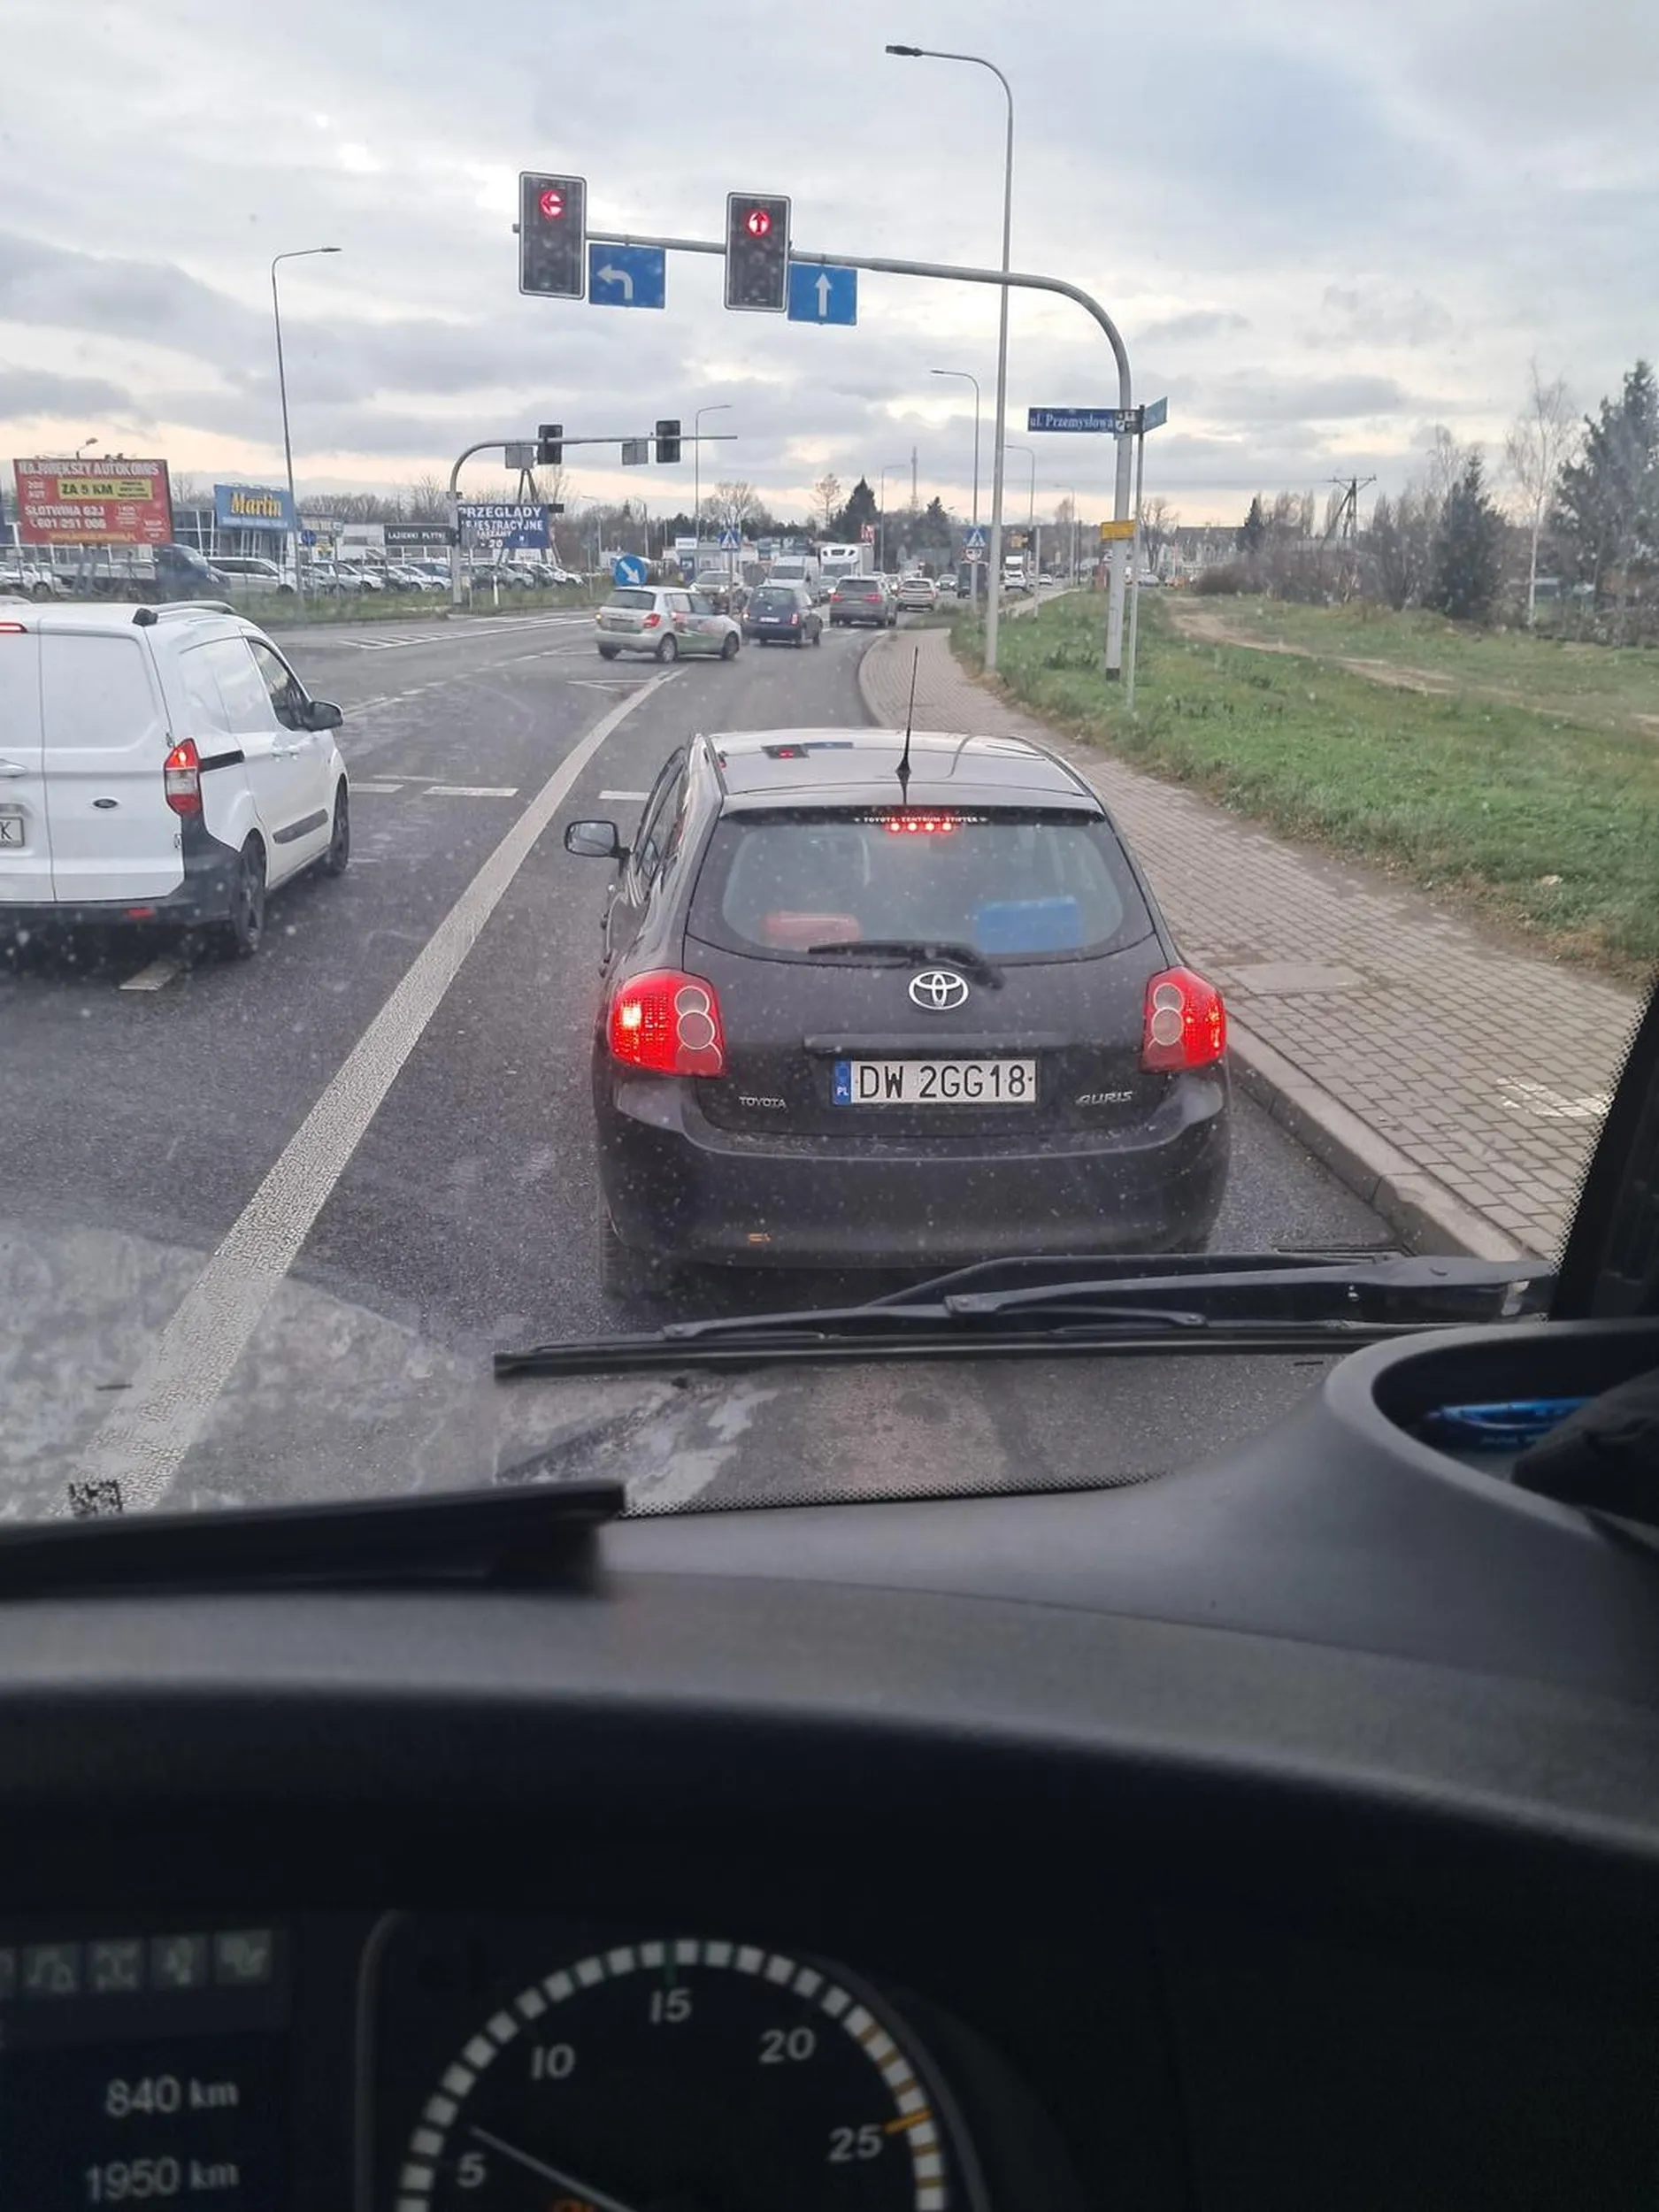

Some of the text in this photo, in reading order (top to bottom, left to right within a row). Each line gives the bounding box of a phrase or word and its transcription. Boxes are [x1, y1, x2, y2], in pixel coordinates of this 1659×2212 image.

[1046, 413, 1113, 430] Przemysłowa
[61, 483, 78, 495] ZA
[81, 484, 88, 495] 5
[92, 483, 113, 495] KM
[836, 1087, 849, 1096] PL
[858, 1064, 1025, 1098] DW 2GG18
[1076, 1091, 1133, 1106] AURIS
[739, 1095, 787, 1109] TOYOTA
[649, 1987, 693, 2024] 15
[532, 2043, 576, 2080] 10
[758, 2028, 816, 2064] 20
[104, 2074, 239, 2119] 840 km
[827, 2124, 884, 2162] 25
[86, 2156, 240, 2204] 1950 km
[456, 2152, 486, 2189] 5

▸ Work item
For every entry, return its exact wording and leave out any image.

▸ Solution for this exercise
Some of the text in this photo, in reading order (top to bottom, left to right within a row). Each line gives the bounding box of a phrase or word and its transcription. Boxes are [x1, y1, x2, y2], in pixel coordinates of this 1659×2212 image.

[1046, 413, 1113, 430] Przemysłowa
[61, 483, 78, 495] ZA
[81, 484, 88, 495] 5
[92, 483, 113, 495] KM
[836, 1087, 849, 1096] PL
[858, 1064, 1025, 1098] DW 2GG18
[1076, 1091, 1133, 1106] AURIS
[739, 1095, 787, 1109] TOYOTA
[649, 1987, 693, 2024] 15
[532, 2043, 576, 2080] 10
[758, 2028, 816, 2064] 20
[104, 2074, 239, 2119] 840 km
[827, 2124, 884, 2162] 25
[86, 2156, 240, 2204] 1950 km
[456, 2152, 486, 2189] 5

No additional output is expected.